In 1975, Coppola hoped for cooperation from the United States Army and scouted military locations in Georgia and Florida, but the Army was not interested. While promoting The Godfather Part II in Australia, Coppola and his producers scouted possible locations for Apocalypse Now in Cairns in northern Queensland, as it had jungle resembling Vietnam's, and in Malaysia. He decided to make the film in the Philippines for its access to American military equipment and cheap labor. Roos, who also served as production coordinator, had already made two low-budget films there for Monte Hellman, and had friends and contacts there. Frederickson went to the Philippines and had dinner with President Ferdinand Marcos to formalize support for the production and to allow them to use some of the country's military equipment. Coppola spent the last few months of 1975 revising Milius's script and negotiating with United Artists to secure financing for the production. Milius claimed it would be the "most violent film ever made". According to Frederickson, the budget was estimated between $12 and 14 million. Coppola's American Zoetrope obtained $7.5 million from United Artists for domestic distribution rights and $8 million from international sales, on the assumption that the film would star Marlon Brando, Steve McQueen and Gene Hackman.

=== Casting ===
Steve McQueen was Coppola's first choice to play Willard, but McQueen did not want to leave America for three weeks and Coppola was unwilling to pay his $3 million fee. When McQueen dropped out in February 1976, Coppola had to return $5 million of the $21 million he had raised. Al Pacino was also offered the role, but he too did not want to be away that long, and was afraid of falling ill in the jungle as he had done in the Dominican Republic during the shooting of The Godfather Part II. Jack Nicholson, Robert Redford and James Caan were approached to play either Kurtz or Willard. Keith Carradine, Tommy Lee Jones, Nick Nolte, and Frederic Forrest were also considered for Willard. In a 2015 The Hollywood Reporter interview, Clint Eastwood revealed that Coppola offered him the role of Willard, but much like McQueen and Pacino, he did not want to be away from America for a long time. He also revealed that McQueen tried to convince him to play Willard; McQueen wanted to play Kurtz because he would have to work for only two weeks. Coppola offered the lead role of Willard to Robert De Niro, but he declined due to other commitments.
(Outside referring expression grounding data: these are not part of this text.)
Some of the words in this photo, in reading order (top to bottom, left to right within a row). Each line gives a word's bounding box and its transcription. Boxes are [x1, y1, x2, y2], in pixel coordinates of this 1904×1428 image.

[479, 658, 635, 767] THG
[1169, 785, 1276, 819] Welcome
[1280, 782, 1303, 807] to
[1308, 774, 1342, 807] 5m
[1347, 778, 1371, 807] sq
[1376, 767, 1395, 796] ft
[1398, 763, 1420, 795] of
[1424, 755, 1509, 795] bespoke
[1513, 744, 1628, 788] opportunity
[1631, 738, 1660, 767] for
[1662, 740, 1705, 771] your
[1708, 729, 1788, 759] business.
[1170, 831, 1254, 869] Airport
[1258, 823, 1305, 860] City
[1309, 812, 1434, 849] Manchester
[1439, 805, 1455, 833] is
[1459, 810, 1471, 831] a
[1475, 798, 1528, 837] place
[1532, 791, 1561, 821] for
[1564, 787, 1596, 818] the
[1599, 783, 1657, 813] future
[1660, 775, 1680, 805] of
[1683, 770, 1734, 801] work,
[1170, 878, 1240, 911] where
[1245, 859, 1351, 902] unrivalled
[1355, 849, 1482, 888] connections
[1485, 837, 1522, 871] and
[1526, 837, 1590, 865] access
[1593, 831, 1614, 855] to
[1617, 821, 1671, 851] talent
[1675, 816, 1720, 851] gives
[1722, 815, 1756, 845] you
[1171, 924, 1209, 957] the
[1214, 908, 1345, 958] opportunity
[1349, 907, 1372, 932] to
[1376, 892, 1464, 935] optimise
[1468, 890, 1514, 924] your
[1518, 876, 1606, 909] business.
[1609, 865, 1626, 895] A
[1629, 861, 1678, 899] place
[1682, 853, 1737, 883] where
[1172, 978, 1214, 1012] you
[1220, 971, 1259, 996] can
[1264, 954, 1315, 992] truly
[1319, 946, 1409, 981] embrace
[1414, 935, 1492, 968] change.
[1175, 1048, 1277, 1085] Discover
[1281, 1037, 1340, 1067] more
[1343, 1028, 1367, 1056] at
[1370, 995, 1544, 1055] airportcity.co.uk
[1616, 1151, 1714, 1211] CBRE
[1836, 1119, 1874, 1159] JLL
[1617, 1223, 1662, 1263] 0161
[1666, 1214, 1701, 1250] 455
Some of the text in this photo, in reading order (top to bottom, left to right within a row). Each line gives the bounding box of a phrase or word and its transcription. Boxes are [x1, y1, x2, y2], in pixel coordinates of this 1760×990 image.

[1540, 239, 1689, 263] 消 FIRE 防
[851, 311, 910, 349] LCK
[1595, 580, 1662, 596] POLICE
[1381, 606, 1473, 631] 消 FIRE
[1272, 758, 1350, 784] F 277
Coppola also offered the role of Colonel Kurtz to Orson Welles and Lee Marvin, both of whom turned it down.

Coppola and Roos had been impressed by Martin Sheen's screen test for Michael in The Godfather and he became the second choice to play Willard, but he had already accepted another project. Harvey Keitel was cast in the role based on his work in Martin Scorsese's Mean Streets. By early 1976, Coppola had persuaded Marlon Brando to play Kurtz, for a fee of $2 million for a month's work on location in September 1976. Brando also received 10% of the gross theatrical rental and 10% of the television sale rights, earning him around $9 million.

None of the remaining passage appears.